A continuación, las dos horas de pérdida definidas en la metodología:

  • Pérdida diaria efectiva sobre lo que tuvieron que haber trabajado: 4.2 horas. 
  • Pérdida diaria efectiva sobre lo planificado: 1.1 horas.

Costo

El costo total posee una gran complejidad de calcular, dado que se debería medir el daño que le hace al país no tener las leyes adecuadas para regular el comportamiento de la nación.

Es por esta razón que el costo se calcula en base a cuánto cuesta una hora perdida de un diputado promedio. Considerando sueldo bruto, gastos operacionales, asesorías externas, personal de apoyo y una jornada laboral de 7,5 días de lunes a sábado; el costo hora diputado es de 126.153 pesos.

Para cumplir el objetivo de este polinforme, que es cuantificar la pérdida efectiva de un diputado es necesario multiplicar el tiempo total no trabajado por la Cámara Baja en sesiones y comisiones, que son 277.641 horas, por el costo hora diputado; entregando una pérdida total de 35 mil millones de pesos. 

Estas cifras no consideran: los descuentos respectivos a las dietas parlamentarias por inasistencias injustificadas, la pérdida realizada por la impuntualidad a comisiones ni la pérdida por retiro anticipado en sesiones y comisiones.

Conclusiones

Este trabajo, es el acercamiento más profundo a definir y medir el quehacer parlamentario. El análisis está basado en los eventos medibles: sesiones y comisiones (existen datos); el resto del tiempo laboral está enmarcado en otras actividades parlamentarias (no existen datos). En el Reglamento no está que proporción o cuánto tiempo debiera dedicar un diputado a estas actividades. El documento público más cercano para definir esta proporción son los calendarios anuales legislativos, que entrega que un diputado debiese trabajar el 51% del tiempo en sesiones y comisiones y un 49% en otras actividades parlamentarias.

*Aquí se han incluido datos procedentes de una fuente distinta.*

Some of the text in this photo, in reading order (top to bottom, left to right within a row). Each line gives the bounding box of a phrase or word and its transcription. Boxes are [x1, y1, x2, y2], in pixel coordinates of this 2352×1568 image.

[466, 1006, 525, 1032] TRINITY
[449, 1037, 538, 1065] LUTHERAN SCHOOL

Es de vital importancia definir qué proporción del tiempo de trabajo un diputado debiese estar en sesiones y comisiones. “Lo que no se define no se puede medir, lo que no se mide no se puede mejorar y lo que no se mejora se degrada siempre”.

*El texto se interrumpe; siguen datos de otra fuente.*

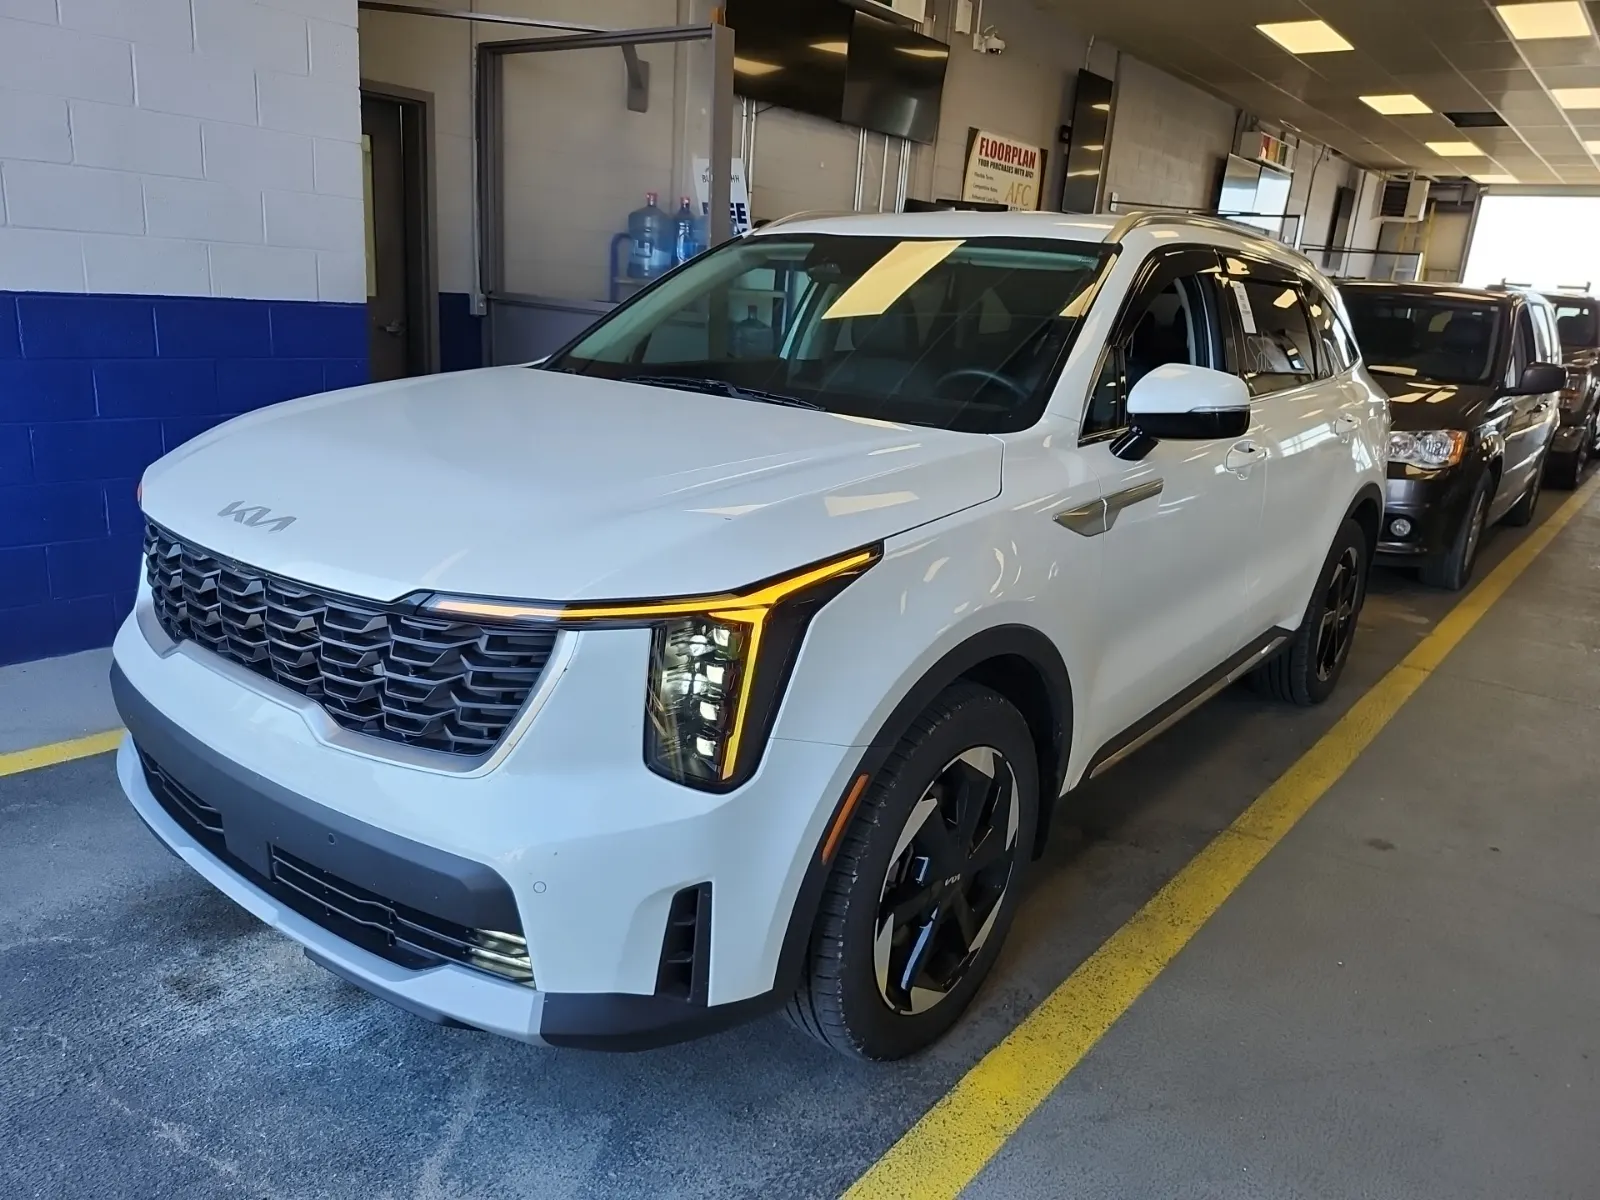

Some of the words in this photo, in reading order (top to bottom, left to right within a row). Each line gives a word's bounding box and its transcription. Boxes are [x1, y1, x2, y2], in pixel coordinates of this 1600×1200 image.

Las conclusiones del rendimiento durante el último período parlamentario de los diputados son las siguientes:

  • Planificaron poco: planificaron un 59% del tiempo que tuvieron que haber planificado. (Polinforme: Carga laboral)
  • Planificaron mal: No se utilizó el lunes casi en su totalidad ni el jueves en la tarde, generando choques en sus agendas y contradiciendo al Calendario Legislativo. 1 de cada 3 eventos tuvieron algún tipo de incompatibilidad horaria; dentro de ese tercio, 2 de cada 3 registraron asistencia simultánea. (Polinforme: Planificación)
  • Faltaron harto: 18% de inasistencia. Una asistencia se define cuando un diputado está un instante del evento. (Polinforme: Inasistencia)
  • Fueron impuntuales: Las sesiones se iniciaron con el 47% de los diputados. (Polinforme: Impuntualidad)
  • Trabajaron poco: en sus eventos medibles trabajaron un 48% en relación a las 45 horas de un chileno común.
  • Casos extremos inaceptables: el lunes del último año trabajaron en promedio 54 minutos, siendo que es un día dedicado al trabajo exclusivo de comisiones.
  • Costo: 35 mil millones de pesos en el último período parlamentario.

Un proceso legislativo eficiente es necesario para avanzar en temáticas nacionales, tales como migración, educación, identidad de género, criptomonedas o aplicaciones disruptivas como Uber o Cabify. Es importante tener una herramienta de fiscalización que transparente el quehacer de sus principales actores. Primero se partió por cuánto trabajan, los siguientes proyectos irán enfocado en votaciones, intervenciones y análisis del flujo de proyectos del proceso legislativo.